Announcing the Yammer connector for Amazon Kendra Senthil Ramachandran AWS Machine Learning Blog

Yammer is a social networking platform designed for open and dynamic communications and collaborations within organizations. It allows you to build communities of interest, gather ideas and feedback, and keep everyone informed. It’s available via browser or mobile app, and provides a variety of common social networking features such as private and public communities, news feeds, groups of interest, instant messaging, and more. Each of these features create a huge amount of unstructured data collected over time and stored in multiple repositories. Searching through these fragmented repositories provides an enormous challenge to users, which is where Amazon Kendra comes in.

Amazon Kendra is a highly accurate and simple-to-use intelligent search service powered by machine learning (ML). Amazon Kendra offers a suite of data source connectors to simplify the process of ingesting and indexing your content, wherever it resides. Valuable data in organizations is stored in both structured and unstructured repositories. An enterprise search solution should be able to pull together data across several structured and unstructured repositories to index and search on.

We’re excited to announce that you can now use the Amazon Kendra connector for Yammer to search information stored in Yammer. In this post, we show how to index information stored in Yammer and use Amazon Kendra intelligent search to find answers to your questions accurately and quickly. In addition, the ML-powered intelligent search can accurately find information from unstructured documents containing natural language narrative content, for which keyword search isn’t very effective.

Solution overview

With Amazon Kendra, you can configure multiple data sources to provide a central place to index and search across your document repository. For our solution, we demonstrate how to index a Yammer repository using the Amazon Kendra connector for Yammer. The solution consists of the following steps:

Configure the Yammer app API connector on Azure and get the connection details.
Create an Amazon Kendra index.
Create a Yammer data source.
Run a sample query to get information.

Prerequisites

To try out the Amazon Kendra connector for Yammer, you need the following:

Microsoft Azure global admin access.
An AWS account with privileges to create AWS Identity and Access Management (IAM) roles and policies. For more information, see Overview of access management: Permissions and policies.
Basic knowledge of AWS.

Configure the Yammer app API connector and gather connection details

Before we set up the Yammer data source, we need a few details about your Yammer repository. Let’s

gather those in advance.

Log in to the Azure portal using your global admin user account and choose Next.

Enter your password and choose Sign in.

On the Azure welcome page, choose App registrations.

Alternatively, you can search for “App Registrations” in the search bar.

Choose New registration.

Enter a name for the app (for example, my-yammer-connector) and choose Register.

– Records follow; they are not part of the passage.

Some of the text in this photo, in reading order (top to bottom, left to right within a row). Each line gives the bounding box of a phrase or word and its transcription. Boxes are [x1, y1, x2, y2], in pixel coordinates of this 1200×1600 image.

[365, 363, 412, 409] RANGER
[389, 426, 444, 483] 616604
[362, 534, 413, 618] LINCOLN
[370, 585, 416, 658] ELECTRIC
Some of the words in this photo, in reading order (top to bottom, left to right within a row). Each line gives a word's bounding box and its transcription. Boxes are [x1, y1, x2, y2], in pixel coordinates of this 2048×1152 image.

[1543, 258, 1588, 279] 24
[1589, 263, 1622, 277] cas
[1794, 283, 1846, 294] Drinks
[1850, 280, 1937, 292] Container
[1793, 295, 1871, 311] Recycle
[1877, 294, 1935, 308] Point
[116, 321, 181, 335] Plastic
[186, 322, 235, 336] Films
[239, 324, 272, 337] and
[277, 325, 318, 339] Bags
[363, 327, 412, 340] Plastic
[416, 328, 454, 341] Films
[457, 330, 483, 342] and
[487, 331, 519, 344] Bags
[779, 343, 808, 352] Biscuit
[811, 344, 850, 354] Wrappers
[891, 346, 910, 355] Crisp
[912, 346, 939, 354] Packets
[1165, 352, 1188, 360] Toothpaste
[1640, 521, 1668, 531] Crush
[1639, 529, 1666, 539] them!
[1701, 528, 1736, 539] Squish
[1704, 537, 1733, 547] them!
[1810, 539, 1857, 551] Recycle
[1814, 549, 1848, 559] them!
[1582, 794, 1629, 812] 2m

Note down the tenant ID (you need it when setting up the data source for Amazon Kendra).
Next to Client credentials, choose Add a certificate or secret.

Enter a description (for example, Yammer Connector Client Credentials).
Choose an expiration period (for this post, 6 months).
Choose Add.

Save the client ID and secret ID for AWS Secrets Manager configuration.

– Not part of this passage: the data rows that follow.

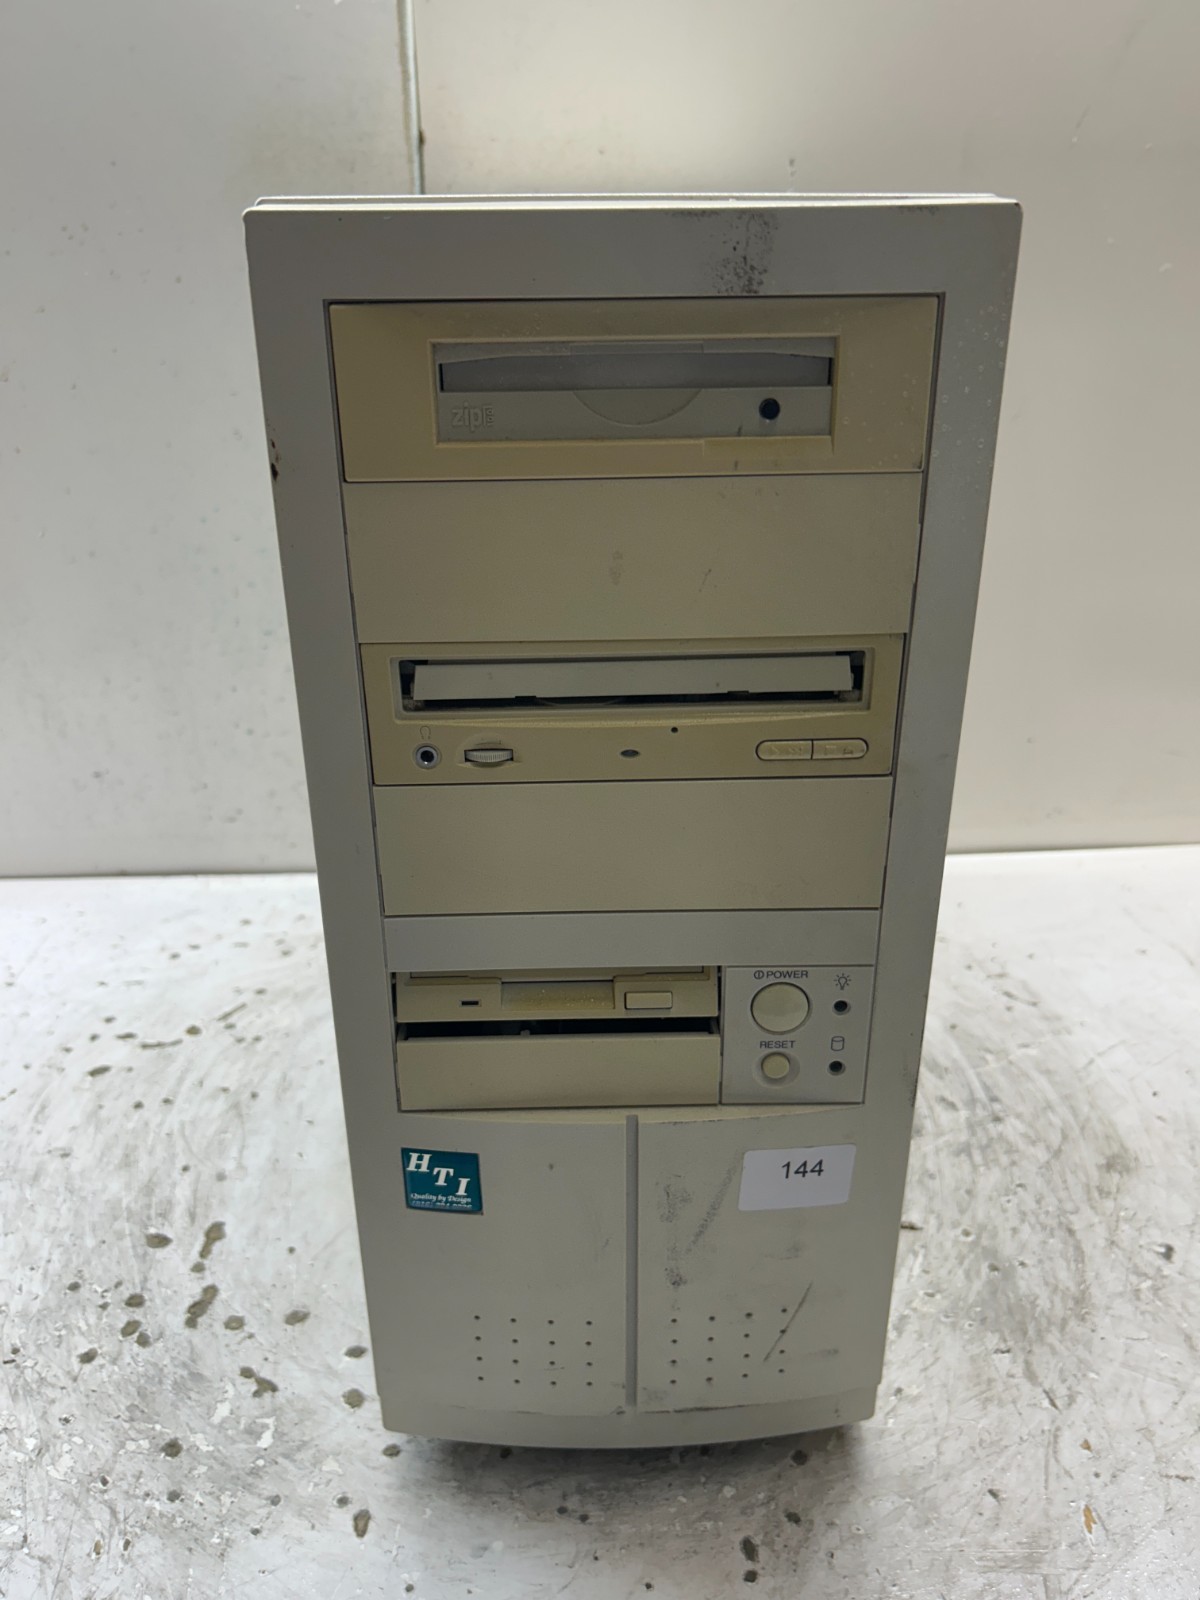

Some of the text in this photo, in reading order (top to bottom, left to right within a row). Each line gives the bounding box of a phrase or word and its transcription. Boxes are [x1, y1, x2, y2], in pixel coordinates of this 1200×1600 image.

[451, 401, 483, 432] zip
[766, 969, 809, 979] POWER
[759, 1040, 796, 1049] RESET
[406, 1152, 471, 1196] HTI
[781, 1159, 824, 1179] 144
[410, 1192, 472, 1204] Quality by Design

In the navigation pane, choose API permissions.

This is where you can add or remove admin permissions.

Choose Add a permission and choose Yammer for Request API permissions.

Choose Delegated permissions and select user_impersonation.
Choose Add permissions.

Now the Yammer connector application is configured in the Azure portal. Let’s switch over to the Amazon Kendra console to complete our setup.

Create an Amazon Kendra index

You can create an Amazon Kendra index or use an existing index. For this post, we create a new index called my-yammer-index. For instructions, refer to Creating an index.

Create a Yammer data source

Complete the following steps to create your data source:

On the Amazon Kendra console, choose Data sources in the navigation pane.
Under Microsoft Yammer connector, choose Add connector.

For Data source name, enter a name (for example, my-yammer-datasource).
Enter an optional description.
Choose Next.

You have the choice of creating credentials in Secrets Manager in advance. For this post, we create a secret on-demand.

Configure a Secrets Manager secret with the user name, password, client ID, and secret ID you collected earlier.
Choose Save.

For IAM role, choose Create a new role.
For Role name, choose AmazonKendra-my-yammer-iam-role.
Choose Next.

In the Configure sync settings section, you can optionally configure contents to sync, communities to include, and date since.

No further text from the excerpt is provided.